Зэк, которого от вышки отделяли пустошь запретной зоны, разболтанные, дрожащие на ветру воротца, закричал надрывно с гневом:
– Да подавитесь вы!
От вопля Матюшин устрашился, соображая, что этот уж не отцепится, будет завывать, давить, того и гляди озвереет – устроит ночку. При мысли, что он заорет еще, у Матюшина нахлынывала в руки дрожь. Боялся он за себя, неистово, до опустошения желая одного – прожить эту кромешную ночь. Осилить. Уцелеть.
– Тебя как звать?
– Митькой.
– Ты чего это говоришь, что умрешь?
– Я помру… Мне, парни, не жить…
Матюшин устал и смирился, что будет этой ночью торговать. Стало ему тоскливо, но и светло.
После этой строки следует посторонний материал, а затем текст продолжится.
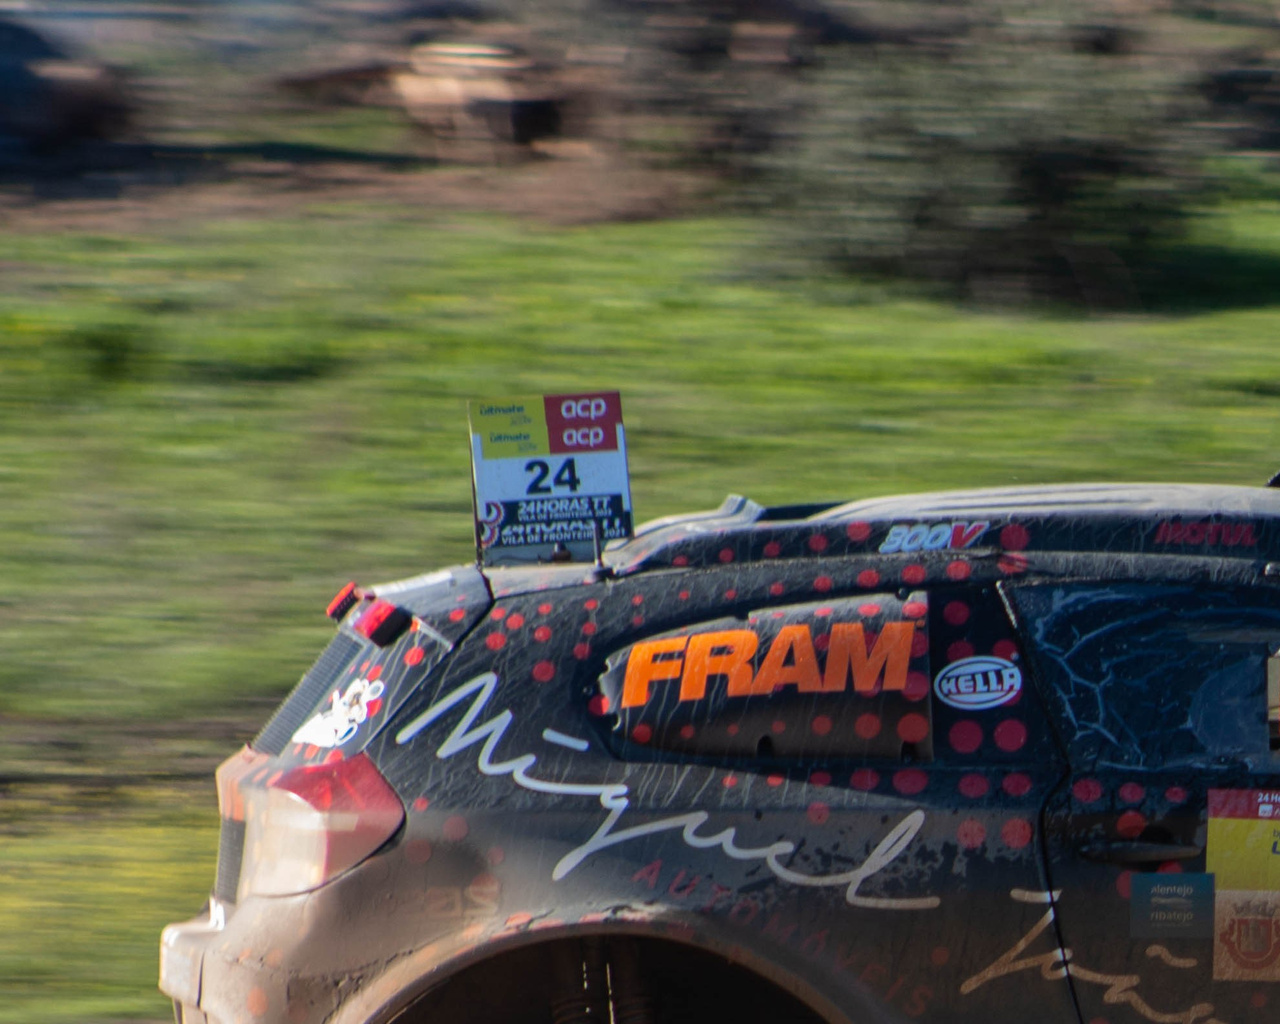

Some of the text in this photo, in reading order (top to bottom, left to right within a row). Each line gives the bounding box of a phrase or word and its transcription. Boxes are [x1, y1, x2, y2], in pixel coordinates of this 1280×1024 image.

[561, 397, 606, 420] acp
[563, 427, 604, 447] acp
[524, 457, 581, 495] 24
[501, 534, 525, 545] VILA
[528, 533, 541, 543] DE
[1153, 521, 1258, 546] MOTUL
[621, 621, 915, 708] FRAM
[941, 667, 1021, 694] HELLA
[1257, 792, 1269, 802] 24
– Двадцать рубликов положь на вышку. Да шевелись, дура, тебе ужираться, а мне еще ночь топать!
– Фу ты… Я люблю, чтоб к человеку с уважением, – расплылся зэк в темноте. – Ну, уважьте ж, не полезу, не могу! Парни!
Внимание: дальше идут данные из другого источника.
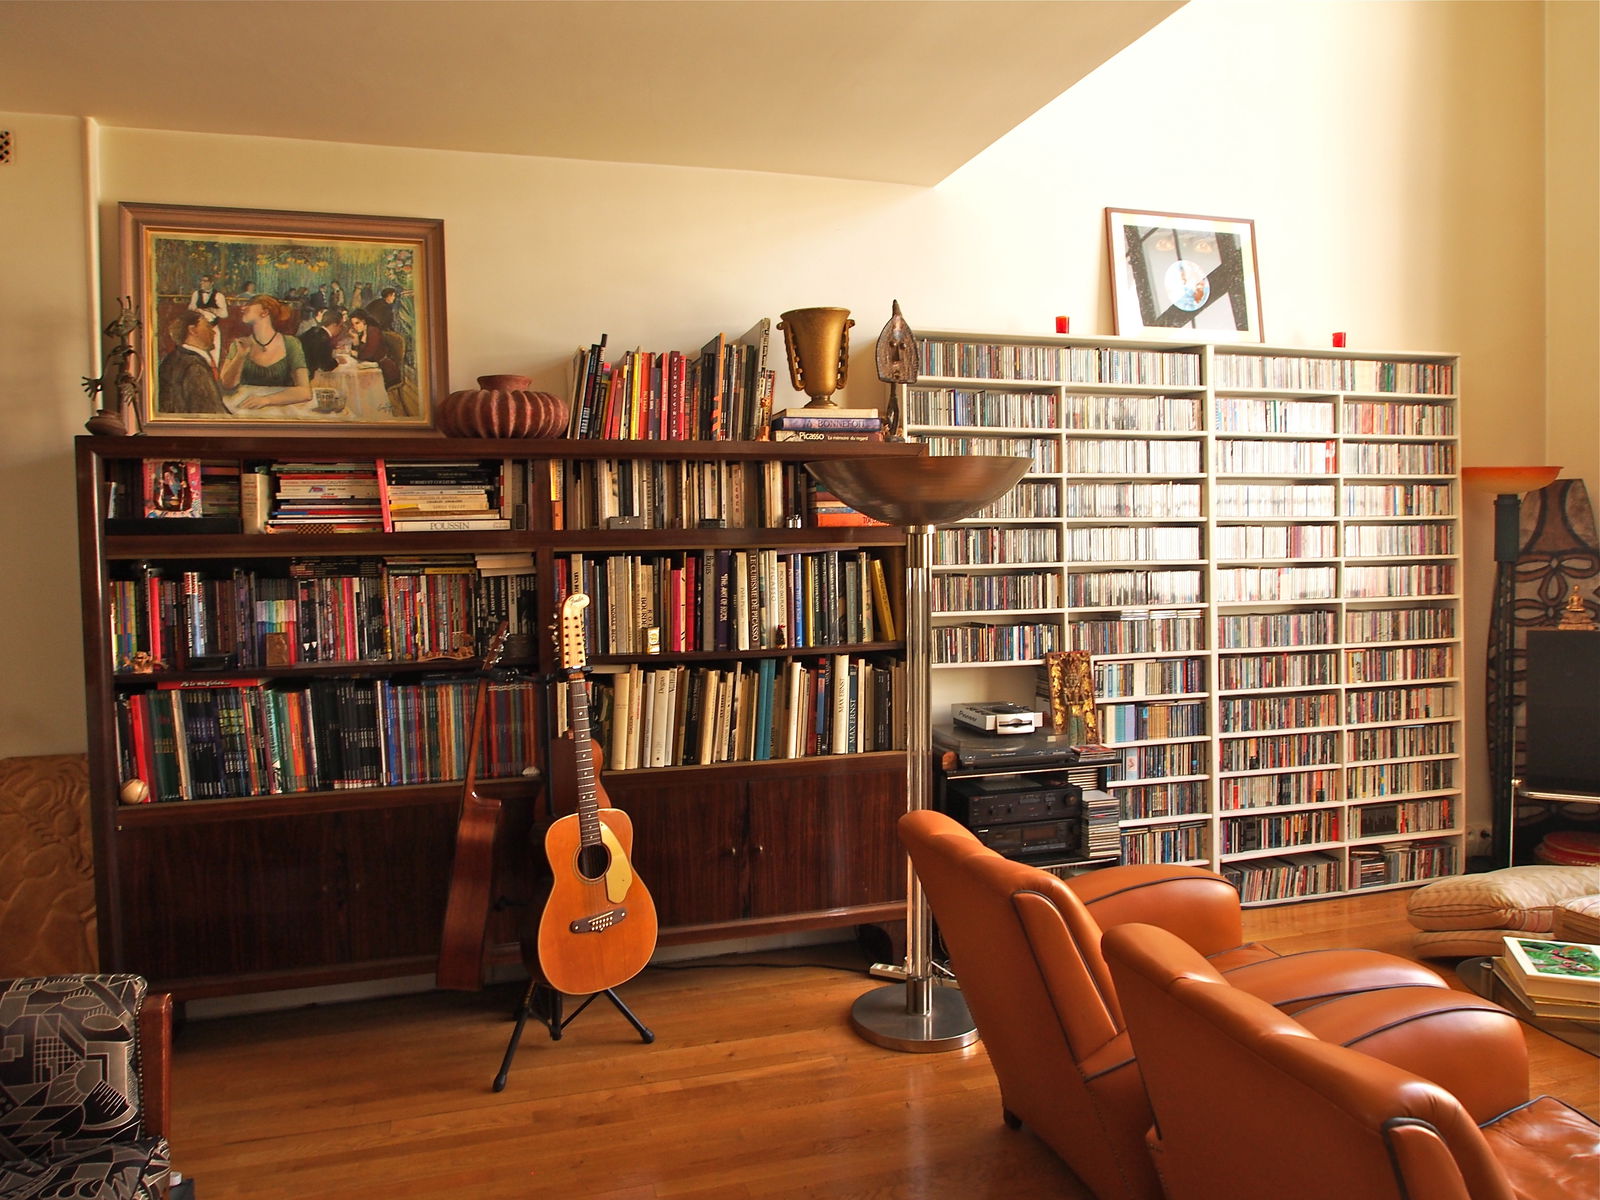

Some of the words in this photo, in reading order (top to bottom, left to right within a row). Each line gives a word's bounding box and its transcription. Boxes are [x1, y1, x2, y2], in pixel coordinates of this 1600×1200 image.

Зэк на глазах его замесил узелок. Но, глядя на него, холодея, Матюшин подумал, что кинет-то криво, не иначе доходяжка. И с размаха не удержался он на ногах и повалился на землю. Поднялся, пошатываясь, размахнулся наново – и подкинул.
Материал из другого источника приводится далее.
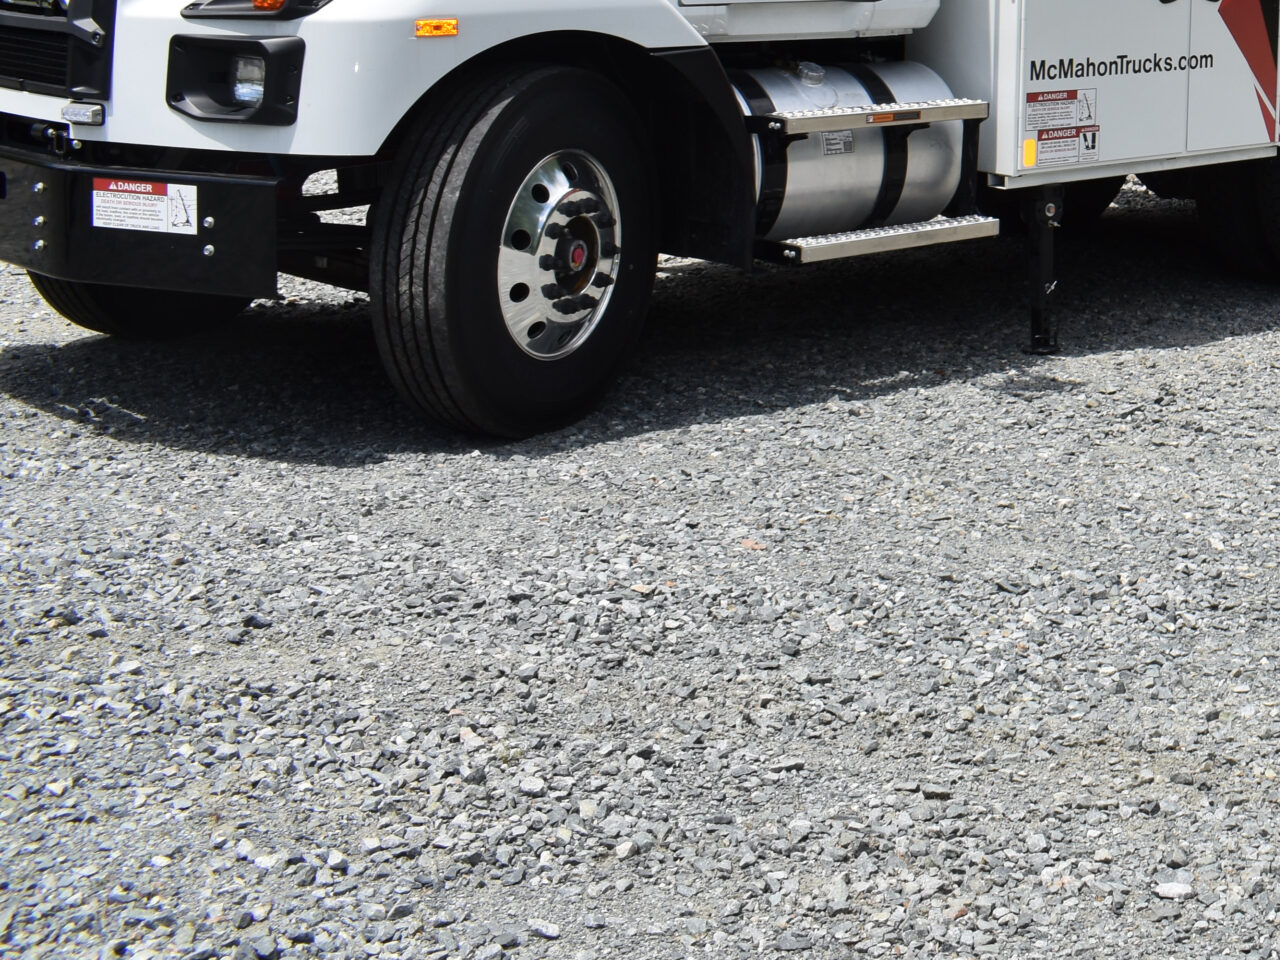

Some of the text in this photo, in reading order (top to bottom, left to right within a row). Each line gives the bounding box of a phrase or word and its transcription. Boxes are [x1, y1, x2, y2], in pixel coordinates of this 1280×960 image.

[1030, 53, 1214, 81] McMahonTrucks.com
[1043, 92, 1068, 100] DANGER
[1048, 128, 1077, 138] DANGER
[117, 182, 153, 193] DANGER
[95, 192, 165, 203] ELECTROCUTION HAZARD
– Во! А где ж оно? – и в небо глядит. – Ааа… Не боись…
– Гуляй, бросала, платишь вперед, стерпишь. Подберут, я свистну, да скоро-то не жди, не жди… – успокоился Матюшин, что узелок исчез под вышкой, и зэк махнул без сожаления, и поворотился молча спиной, начав будто камнем на дно уходить в темноту зоны.
Матюшин задохнулся, будто ударило под дых, и схватился за живот, но потом отпустило. То был порыв ветра, когда и лагерь одной живой тенью – комом своим, своей всклокоченной дремучей башкой – бился оземь, заливаясь черной кровью, а потом шарахался назад в ночь, будто на крови этой черной и вырастая, твердея. На собственной шкуре зная, что это началась болтанка, что где-то в степи сшиблись ветра, сойдя стремительно с путей сторон света, и токи их, их молнии, будут высекаться из степи и ударять по лагерю, как в грозоотвод, – по трубам, маякам, вышкам, Матюшин осел на дно будки, законопатившись наглухо досками, будто в гробу. Он закурил зябко папиросу, слыша уже не гул ветра, а глубокую тишину. Высушиваясь теплом дыма и затягиваясь глубже, трудней, чтобы не уснуть, Матюшин не дремал и не погружался в табачную дурноту, а безвременно, недвижно мечтал. Вдруг ясно и просто из нутра его ослабевшего явилось то, что мучило подневольно, начиная с пробуждения: этой ночью он устал за прожитое и за оставшееся жить – устал смертно. И даже не вытолкай его с нар отчаявшийся тот парнишка, он бы все равно тащил за собой на тропу смертную тяжесть, о которой думал с дрожью нетерпения, что одолеет и прикончит. И самогонку не продавать бы, бегая с ней из ночи в ночь, но выпить до капли и схорониться в степи, чтобы очнуться и ожить посреди тишайшего степного пения, под кровом шевелящихся дымных трав – рано утром.
Но тут что-то сильнее собственной воли, какой-то второй, как дыхание, страх заставил его мигом напрячься и вскочить на ноги. Зона немятежно стояла сумеречными рядами ограждений, густо ощетинившись колючкой, будто хвоей. Кругом ни звука, ни шороха, только шум ветра. Но этот порядок и безмолвие в ночи исподволь терзали Матюшина, отнимая покой. Он выглядывал, вслушивался, неизвестно к чему готовясь, но помня, что водочную должны наведать.
Через минуту на следующей от водочной вышке, что замыкала лагерный круг и стояла под боком у караулки, ухнул упреждающий окрик – караульный на ней выдержал проверку, не проспал. Но заходили на тропу с тылу, не по-дежурному, как незаметней и ближе – и окрик упредил, что скоро будут гости и у водочной.